What is being asked:
All entries below must be given again word for word.

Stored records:
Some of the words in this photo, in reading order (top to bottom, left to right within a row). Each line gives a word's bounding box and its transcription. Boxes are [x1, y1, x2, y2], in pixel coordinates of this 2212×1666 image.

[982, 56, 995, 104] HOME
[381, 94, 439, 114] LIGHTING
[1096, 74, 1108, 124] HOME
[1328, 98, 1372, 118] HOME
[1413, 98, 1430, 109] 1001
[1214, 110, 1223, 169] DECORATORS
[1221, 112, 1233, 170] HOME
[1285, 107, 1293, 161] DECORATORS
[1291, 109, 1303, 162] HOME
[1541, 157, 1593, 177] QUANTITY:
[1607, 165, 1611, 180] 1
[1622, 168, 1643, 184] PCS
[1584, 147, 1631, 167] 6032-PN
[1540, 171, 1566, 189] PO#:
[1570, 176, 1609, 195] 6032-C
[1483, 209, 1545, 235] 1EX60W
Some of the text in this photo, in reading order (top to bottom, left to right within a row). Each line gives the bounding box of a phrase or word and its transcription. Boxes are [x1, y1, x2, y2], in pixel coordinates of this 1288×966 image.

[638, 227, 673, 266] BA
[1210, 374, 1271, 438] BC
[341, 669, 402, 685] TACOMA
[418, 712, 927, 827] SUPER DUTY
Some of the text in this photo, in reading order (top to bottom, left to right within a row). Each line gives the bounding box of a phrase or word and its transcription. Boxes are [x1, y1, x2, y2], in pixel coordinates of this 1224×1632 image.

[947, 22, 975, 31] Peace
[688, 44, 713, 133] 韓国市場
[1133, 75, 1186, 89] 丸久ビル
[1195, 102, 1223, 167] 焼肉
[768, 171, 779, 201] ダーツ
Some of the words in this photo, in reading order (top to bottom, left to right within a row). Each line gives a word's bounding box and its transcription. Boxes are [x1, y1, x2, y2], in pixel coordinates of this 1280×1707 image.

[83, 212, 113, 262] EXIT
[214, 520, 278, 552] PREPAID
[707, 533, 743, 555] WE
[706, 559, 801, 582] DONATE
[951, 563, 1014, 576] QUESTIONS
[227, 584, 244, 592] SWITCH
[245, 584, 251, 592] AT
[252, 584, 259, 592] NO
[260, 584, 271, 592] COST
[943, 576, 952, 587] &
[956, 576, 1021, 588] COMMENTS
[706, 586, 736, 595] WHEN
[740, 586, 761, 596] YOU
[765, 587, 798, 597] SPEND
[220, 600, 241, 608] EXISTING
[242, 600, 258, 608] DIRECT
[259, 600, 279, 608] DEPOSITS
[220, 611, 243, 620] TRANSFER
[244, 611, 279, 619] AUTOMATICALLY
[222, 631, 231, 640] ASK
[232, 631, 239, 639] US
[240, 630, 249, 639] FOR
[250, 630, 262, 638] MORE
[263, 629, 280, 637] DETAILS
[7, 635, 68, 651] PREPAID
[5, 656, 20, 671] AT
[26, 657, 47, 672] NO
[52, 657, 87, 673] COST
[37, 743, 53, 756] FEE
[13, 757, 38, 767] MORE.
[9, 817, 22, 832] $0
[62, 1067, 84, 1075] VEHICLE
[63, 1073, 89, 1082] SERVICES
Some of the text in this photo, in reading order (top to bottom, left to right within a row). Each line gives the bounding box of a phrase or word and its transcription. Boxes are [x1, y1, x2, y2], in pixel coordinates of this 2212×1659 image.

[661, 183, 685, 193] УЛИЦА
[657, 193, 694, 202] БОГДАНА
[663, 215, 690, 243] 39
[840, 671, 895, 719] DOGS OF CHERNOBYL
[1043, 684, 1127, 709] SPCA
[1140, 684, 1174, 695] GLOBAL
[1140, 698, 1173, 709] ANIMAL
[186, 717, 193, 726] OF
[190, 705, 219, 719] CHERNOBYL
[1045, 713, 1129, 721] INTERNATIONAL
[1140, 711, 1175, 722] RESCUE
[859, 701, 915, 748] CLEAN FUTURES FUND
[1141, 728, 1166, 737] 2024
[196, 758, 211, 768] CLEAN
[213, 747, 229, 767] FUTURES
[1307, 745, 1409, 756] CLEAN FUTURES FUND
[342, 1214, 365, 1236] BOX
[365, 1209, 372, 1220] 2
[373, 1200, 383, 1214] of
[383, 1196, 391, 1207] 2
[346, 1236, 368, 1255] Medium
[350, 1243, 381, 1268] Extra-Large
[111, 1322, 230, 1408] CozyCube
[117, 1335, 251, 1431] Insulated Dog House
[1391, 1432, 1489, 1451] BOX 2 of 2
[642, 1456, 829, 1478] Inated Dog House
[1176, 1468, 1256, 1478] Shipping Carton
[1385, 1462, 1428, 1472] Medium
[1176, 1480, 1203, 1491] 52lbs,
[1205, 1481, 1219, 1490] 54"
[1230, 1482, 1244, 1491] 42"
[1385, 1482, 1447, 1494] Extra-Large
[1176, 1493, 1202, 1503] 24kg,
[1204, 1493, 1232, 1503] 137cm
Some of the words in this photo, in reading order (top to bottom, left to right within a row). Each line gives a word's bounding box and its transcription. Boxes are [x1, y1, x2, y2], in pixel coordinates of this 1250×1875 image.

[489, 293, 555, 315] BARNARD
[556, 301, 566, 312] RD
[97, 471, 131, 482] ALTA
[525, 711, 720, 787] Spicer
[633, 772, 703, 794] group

Problem solution:
Some of the words in this photo, in reading order (top to bottom, left to right within a row). Each line gives a word's bounding box and its transcription. Boxes are [x1, y1, x2, y2], in pixel coordinates of this 2212×1666 image.

[982, 56, 995, 104] HOME
[381, 94, 439, 114] LIGHTING
[1096, 74, 1108, 124] HOME
[1328, 98, 1372, 118] HOME
[1413, 98, 1430, 109] 1001
[1214, 110, 1223, 169] DECORATORS
[1221, 112, 1233, 170] HOME
[1285, 107, 1293, 161] DECORATORS
[1291, 109, 1303, 162] HOME
[1541, 157, 1593, 177] QUANTITY:
[1607, 165, 1611, 180] 1
[1622, 168, 1643, 184] PCS
[1584, 147, 1631, 167] 6032-PN
[1540, 171, 1566, 189] PO#:
[1570, 176, 1609, 195] 6032-C
[1483, 209, 1545, 235] 1EX60W
Some of the text in this photo, in reading order (top to bottom, left to right within a row). Each line gives the bounding box of a phrase or word and its transcription. Boxes are [x1, y1, x2, y2], in pixel coordinates of this 1288×966 image.

[638, 227, 673, 266] BA
[1210, 374, 1271, 438] BC
[341, 669, 402, 685] TACOMA
[418, 712, 927, 827] SUPER DUTY
Some of the text in this photo, in reading order (top to bottom, left to right within a row). Each line gives the bounding box of a phrase or word and its transcription. Boxes are [x1, y1, x2, y2], in pixel coordinates of this 1224×1632 image.

[947, 22, 975, 31] Peace
[688, 44, 713, 133] 韓国市場
[1133, 75, 1186, 89] 丸久ビル
[1195, 102, 1223, 167] 焼肉
[768, 171, 779, 201] ダーツ
Some of the words in this photo, in reading order (top to bottom, left to right within a row). Each line gives a word's bounding box and its transcription. Boxes are [x1, y1, x2, y2], in pixel coordinates of this 1280×1707 image.

[83, 212, 113, 262] EXIT
[214, 520, 278, 552] PREPAID
[707, 533, 743, 555] WE
[706, 559, 801, 582] DONATE
[951, 563, 1014, 576] QUESTIONS
[227, 584, 244, 592] SWITCH
[245, 584, 251, 592] AT
[252, 584, 259, 592] NO
[260, 584, 271, 592] COST
[943, 576, 952, 587] &
[956, 576, 1021, 588] COMMENTS
[706, 586, 736, 595] WHEN
[740, 586, 761, 596] YOU
[765, 587, 798, 597] SPEND
[220, 600, 241, 608] EXISTING
[242, 600, 258, 608] DIRECT
[259, 600, 279, 608] DEPOSITS
[220, 611, 243, 620] TRANSFER
[244, 611, 279, 619] AUTOMATICALLY
[222, 631, 231, 640] ASK
[232, 631, 239, 639] US
[240, 630, 249, 639] FOR
[250, 630, 262, 638] MORE
[263, 629, 280, 637] DETAILS
[7, 635, 68, 651] PREPAID
[5, 656, 20, 671] AT
[26, 657, 47, 672] NO
[52, 657, 87, 673] COST
[37, 743, 53, 756] FEE
[13, 757, 38, 767] MORE.
[9, 817, 22, 832] $0
[62, 1067, 84, 1075] VEHICLE
[63, 1073, 89, 1082] SERVICES
Some of the text in this photo, in reading order (top to bottom, left to right within a row). Each line gives the bounding box of a phrase or word and its transcription. Boxes are [x1, y1, x2, y2], in pixel coordinates of this 2212×1659 image.

[661, 183, 685, 193] УЛИЦА
[657, 193, 694, 202] БОГДАНА
[663, 215, 690, 243] 39
[840, 671, 895, 719] DOGS OF CHERNOBYL
[1043, 684, 1127, 709] SPCA
[1140, 684, 1174, 695] GLOBAL
[1140, 698, 1173, 709] ANIMAL
[186, 717, 193, 726] OF
[190, 705, 219, 719] CHERNOBYL
[1045, 713, 1129, 721] INTERNATIONAL
[1140, 711, 1175, 722] RESCUE
[859, 701, 915, 748] CLEAN FUTURES FUND
[1141, 728, 1166, 737] 2024
[196, 758, 211, 768] CLEAN
[213, 747, 229, 767] FUTURES
[1307, 745, 1409, 756] CLEAN FUTURES FUND
[342, 1214, 365, 1236] BOX
[365, 1209, 372, 1220] 2
[373, 1200, 383, 1214] of
[383, 1196, 391, 1207] 2
[346, 1236, 368, 1255] Medium
[350, 1243, 381, 1268] Extra-Large
[111, 1322, 230, 1408] CozyCube
[117, 1335, 251, 1431] Insulated Dog House
[1391, 1432, 1489, 1451] BOX 2 of 2
[642, 1456, 829, 1478] Inated Dog House
[1176, 1468, 1256, 1478] Shipping Carton
[1385, 1462, 1428, 1472] Medium
[1176, 1480, 1203, 1491] 52lbs,
[1205, 1481, 1219, 1490] 54"
[1230, 1482, 1244, 1491] 42"
[1385, 1482, 1447, 1494] Extra-Large
[1176, 1493, 1202, 1503] 24kg,
[1204, 1493, 1232, 1503] 137cm
Some of the words in this photo, in reading order (top to bottom, left to right within a row). Each line gives a word's bounding box and its transcription. Boxes are [x1, y1, x2, y2], in pixel coordinates of this 1250×1875 image.

[489, 293, 555, 315] BARNARD
[556, 301, 566, 312] RD
[97, 471, 131, 482] ALTA
[525, 711, 720, 787] Spicer
[633, 772, 703, 794] group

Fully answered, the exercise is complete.